If you don’t plan on ever judging or taking the exam, then no worries.

I might be in the latter boat myself, maybe. I’m Certified but I haven’t judged formally for a few years. I love the old 2008 guidelines and I don’t much care for change. To me, it’s like one of those, “if it ain’t broke, then don’t fix it” kind of things. Were the 2008 guidelines perfect? No. But I really like them better, and they were indisputably easier to use than the new monstrous 2015 version. Personal preference.

Again, how many non-Americans actually are BJCP? If it’s only a very small proportion, again, why bend over backwards for them? I doubt it is more than 10%, yet here we are, focusing on making things more international in perspective.
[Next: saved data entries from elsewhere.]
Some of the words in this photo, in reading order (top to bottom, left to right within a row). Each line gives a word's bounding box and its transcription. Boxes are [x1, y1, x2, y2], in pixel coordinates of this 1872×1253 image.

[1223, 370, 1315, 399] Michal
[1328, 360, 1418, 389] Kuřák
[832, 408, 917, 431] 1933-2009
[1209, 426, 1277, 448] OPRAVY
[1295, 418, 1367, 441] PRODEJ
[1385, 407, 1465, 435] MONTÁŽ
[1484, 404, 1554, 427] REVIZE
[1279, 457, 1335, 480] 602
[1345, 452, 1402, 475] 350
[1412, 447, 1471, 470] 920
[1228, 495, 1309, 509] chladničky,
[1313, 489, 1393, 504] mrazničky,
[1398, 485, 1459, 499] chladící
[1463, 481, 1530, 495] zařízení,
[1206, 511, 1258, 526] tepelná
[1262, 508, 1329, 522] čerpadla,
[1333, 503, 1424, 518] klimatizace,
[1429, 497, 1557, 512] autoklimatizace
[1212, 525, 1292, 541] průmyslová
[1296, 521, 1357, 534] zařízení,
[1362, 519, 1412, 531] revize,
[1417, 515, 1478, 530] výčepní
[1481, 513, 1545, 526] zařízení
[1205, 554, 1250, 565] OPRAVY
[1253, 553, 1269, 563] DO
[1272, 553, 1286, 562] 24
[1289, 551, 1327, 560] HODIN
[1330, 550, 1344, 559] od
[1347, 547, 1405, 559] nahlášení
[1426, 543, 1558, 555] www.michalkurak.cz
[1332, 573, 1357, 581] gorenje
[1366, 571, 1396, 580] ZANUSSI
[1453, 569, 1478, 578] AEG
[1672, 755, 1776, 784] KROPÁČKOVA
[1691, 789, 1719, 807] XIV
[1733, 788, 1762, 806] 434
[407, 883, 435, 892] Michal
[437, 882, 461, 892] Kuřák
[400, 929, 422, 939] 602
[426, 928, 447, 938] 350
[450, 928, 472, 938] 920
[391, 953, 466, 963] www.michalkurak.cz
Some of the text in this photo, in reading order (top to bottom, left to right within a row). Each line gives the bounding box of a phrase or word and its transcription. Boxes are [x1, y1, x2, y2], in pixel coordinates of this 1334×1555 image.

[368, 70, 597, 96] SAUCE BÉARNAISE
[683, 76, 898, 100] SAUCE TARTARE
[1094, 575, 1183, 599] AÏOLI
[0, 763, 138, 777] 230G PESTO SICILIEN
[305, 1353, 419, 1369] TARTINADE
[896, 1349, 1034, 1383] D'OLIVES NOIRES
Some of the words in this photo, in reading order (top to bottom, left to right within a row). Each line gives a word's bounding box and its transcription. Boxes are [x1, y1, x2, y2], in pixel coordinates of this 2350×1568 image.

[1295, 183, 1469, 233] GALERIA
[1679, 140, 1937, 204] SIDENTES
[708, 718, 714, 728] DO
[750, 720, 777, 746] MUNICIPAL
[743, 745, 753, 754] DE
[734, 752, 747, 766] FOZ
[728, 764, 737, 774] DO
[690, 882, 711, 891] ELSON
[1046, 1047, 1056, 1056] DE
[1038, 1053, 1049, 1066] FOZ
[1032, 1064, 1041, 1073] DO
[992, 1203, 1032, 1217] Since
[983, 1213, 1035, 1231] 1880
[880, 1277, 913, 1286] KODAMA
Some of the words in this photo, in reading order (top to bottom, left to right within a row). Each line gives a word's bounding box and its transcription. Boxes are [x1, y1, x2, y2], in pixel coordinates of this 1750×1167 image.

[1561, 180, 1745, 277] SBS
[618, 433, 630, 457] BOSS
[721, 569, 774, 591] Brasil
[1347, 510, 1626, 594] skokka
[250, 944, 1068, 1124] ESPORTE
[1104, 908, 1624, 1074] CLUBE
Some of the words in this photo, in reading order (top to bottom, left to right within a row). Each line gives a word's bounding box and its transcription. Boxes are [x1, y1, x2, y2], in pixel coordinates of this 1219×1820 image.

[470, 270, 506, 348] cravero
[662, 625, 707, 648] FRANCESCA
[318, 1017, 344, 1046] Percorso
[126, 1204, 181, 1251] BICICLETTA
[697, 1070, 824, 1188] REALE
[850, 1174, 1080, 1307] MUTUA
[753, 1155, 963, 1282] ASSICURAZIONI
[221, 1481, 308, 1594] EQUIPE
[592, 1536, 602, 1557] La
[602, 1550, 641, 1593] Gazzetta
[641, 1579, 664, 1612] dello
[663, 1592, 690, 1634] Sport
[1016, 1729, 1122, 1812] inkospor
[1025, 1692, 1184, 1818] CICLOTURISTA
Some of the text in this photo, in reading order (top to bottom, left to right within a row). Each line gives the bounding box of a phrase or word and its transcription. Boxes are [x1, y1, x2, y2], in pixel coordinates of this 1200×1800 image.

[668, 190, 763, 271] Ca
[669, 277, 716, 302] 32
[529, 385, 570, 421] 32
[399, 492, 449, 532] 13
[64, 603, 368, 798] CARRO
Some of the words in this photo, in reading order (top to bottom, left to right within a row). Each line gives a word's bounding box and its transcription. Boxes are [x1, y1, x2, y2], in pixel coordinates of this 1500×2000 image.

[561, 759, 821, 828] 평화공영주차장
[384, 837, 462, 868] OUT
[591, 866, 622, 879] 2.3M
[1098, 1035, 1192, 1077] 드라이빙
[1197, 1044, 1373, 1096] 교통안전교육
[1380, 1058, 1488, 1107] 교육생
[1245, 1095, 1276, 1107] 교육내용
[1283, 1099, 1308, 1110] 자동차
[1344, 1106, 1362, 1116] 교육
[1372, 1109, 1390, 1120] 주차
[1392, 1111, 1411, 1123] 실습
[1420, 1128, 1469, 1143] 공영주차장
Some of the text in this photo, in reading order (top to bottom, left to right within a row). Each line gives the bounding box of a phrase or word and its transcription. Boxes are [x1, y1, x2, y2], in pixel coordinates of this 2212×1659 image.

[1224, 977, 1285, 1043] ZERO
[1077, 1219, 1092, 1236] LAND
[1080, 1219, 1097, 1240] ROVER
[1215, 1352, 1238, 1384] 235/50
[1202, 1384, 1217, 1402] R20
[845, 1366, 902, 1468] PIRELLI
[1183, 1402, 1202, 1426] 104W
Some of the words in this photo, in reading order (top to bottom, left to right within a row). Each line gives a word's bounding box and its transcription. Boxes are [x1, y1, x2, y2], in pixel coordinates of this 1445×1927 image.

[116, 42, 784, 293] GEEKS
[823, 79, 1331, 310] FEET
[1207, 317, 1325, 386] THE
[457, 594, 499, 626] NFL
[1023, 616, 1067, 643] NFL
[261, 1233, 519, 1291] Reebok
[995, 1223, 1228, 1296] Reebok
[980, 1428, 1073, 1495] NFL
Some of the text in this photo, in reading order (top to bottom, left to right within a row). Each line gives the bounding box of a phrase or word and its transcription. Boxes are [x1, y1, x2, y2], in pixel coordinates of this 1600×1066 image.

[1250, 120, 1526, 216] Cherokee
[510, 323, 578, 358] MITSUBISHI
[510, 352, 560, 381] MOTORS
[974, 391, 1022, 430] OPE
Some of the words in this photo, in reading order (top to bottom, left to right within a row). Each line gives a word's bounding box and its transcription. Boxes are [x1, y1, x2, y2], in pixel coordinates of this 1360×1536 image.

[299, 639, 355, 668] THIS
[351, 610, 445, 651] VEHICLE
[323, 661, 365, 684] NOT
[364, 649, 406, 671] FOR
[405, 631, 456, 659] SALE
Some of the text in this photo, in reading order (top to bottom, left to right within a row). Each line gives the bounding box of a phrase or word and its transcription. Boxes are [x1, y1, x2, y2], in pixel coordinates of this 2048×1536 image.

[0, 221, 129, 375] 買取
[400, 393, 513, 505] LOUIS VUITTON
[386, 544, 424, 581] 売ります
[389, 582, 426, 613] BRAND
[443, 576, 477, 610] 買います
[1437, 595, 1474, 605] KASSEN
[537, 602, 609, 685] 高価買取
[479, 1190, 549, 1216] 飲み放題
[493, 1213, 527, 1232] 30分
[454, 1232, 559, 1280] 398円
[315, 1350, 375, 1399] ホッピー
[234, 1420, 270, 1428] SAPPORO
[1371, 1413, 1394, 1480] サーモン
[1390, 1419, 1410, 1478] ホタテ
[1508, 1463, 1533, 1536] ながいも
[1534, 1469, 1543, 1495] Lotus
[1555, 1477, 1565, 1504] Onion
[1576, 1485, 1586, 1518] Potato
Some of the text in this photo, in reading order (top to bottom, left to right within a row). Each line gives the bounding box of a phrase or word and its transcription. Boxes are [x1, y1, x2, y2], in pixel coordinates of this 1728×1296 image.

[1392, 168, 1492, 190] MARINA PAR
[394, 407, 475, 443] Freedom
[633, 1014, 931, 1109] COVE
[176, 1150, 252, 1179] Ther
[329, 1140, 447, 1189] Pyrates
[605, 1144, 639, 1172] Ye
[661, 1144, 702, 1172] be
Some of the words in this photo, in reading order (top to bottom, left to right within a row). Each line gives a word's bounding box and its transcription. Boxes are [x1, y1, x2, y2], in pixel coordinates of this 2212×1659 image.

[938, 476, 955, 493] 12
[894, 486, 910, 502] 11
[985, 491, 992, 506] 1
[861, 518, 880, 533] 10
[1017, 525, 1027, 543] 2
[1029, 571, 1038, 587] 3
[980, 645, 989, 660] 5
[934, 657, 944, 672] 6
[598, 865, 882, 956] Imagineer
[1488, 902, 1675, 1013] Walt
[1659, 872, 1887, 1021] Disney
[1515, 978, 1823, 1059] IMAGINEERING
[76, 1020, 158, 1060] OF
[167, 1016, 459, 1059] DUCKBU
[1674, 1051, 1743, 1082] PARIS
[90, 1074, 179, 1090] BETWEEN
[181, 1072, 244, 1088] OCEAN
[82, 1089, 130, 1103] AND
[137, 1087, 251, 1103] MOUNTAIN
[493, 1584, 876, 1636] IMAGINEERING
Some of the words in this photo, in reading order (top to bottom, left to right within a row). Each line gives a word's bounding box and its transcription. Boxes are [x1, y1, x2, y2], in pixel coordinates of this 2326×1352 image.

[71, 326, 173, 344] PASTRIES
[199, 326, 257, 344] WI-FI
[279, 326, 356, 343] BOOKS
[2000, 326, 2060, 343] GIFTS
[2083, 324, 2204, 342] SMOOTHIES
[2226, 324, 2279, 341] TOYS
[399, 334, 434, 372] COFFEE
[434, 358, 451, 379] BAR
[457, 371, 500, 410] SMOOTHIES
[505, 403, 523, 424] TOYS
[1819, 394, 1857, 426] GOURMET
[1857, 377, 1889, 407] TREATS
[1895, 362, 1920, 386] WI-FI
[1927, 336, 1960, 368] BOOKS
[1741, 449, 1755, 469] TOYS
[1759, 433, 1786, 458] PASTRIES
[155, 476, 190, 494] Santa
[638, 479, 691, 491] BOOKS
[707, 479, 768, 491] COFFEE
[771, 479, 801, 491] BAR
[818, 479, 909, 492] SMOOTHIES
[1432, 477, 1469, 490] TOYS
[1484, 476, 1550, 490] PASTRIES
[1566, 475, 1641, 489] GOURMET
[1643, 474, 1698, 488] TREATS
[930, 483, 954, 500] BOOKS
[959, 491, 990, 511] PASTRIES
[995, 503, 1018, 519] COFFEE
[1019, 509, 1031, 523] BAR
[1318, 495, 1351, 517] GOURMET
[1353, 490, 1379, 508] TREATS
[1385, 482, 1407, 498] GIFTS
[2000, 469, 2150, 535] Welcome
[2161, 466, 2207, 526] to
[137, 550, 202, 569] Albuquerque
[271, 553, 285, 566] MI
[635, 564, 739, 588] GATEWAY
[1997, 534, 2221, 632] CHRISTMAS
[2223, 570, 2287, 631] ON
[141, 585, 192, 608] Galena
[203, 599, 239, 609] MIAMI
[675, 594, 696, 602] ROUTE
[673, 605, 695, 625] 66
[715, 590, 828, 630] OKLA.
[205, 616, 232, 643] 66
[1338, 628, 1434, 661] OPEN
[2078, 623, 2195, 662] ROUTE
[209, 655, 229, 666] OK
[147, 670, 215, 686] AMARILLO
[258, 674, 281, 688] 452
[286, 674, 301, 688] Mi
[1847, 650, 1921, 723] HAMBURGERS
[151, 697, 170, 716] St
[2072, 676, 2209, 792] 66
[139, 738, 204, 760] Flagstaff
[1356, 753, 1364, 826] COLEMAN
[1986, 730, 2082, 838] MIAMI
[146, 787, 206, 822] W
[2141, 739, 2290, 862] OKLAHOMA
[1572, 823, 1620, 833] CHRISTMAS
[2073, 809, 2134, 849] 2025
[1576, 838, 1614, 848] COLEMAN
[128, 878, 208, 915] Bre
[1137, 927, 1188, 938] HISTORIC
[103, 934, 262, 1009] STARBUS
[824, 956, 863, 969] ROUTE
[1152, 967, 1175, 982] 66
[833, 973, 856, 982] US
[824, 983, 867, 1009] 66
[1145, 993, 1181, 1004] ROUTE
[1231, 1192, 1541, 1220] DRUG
Most judges don’t have the opportunity to travel abroad and taste beers on-site, so it is irrelevant to them (and irresponsible for the BJCP to act as if they are qualified to) speak on the subject of beers they’ve never been exposed to in their native form.

Also, look at the first page of the style guidelines? Gordon Strong. Anything good to do with the new guidelines I will ascribe to him.[/quote]

Pretty good point about having the beer in it’s native form, but it seems improbable to get judges that have traveled that much. The guidelines are just that - guidelines. They aren’t to be exact or anything.
By that logic, me being a huge German beer fan, I guess most of my opinion is bunk because I haven’t actually been to Germany. The examples we get here are not fresh. I have had the opportunity to have them on draft as well. The flavors are a bit fresher tasting, but not significantly different. I wonder if kegged versions are just as susceptible to staling.[/quote]
There are probably a lot more non-Americans than you think that are involved in BJCP. Like I said, it is becoming an international standard, and that’s a good thing. It opens up brewing experiences from different countries and establishes common ways to talk about it.
You should know that 50 years ago, there was very little in the way of homebrew happening anywhere. That changed with the growth of an active home brew culture in Britain, which spread to the US. Now, due to the craft brew revolution and the kinds of standardization from effort like the BJCP guidelines, it is spreading around the world, and encompassing the native styles where they exist.
Beer tourism by the way is a great excuse for travelling.
Beersk, you have to get to Germany, particularly Bavaria. I never liked German beers before I visited there, and was never interested in brewing them. But after a week in Munich, my whole attitude changed. Now many of my brews are German or heavily influenced by German brews.

Doesn’t your certification lapse if you don’t judge at least once a year?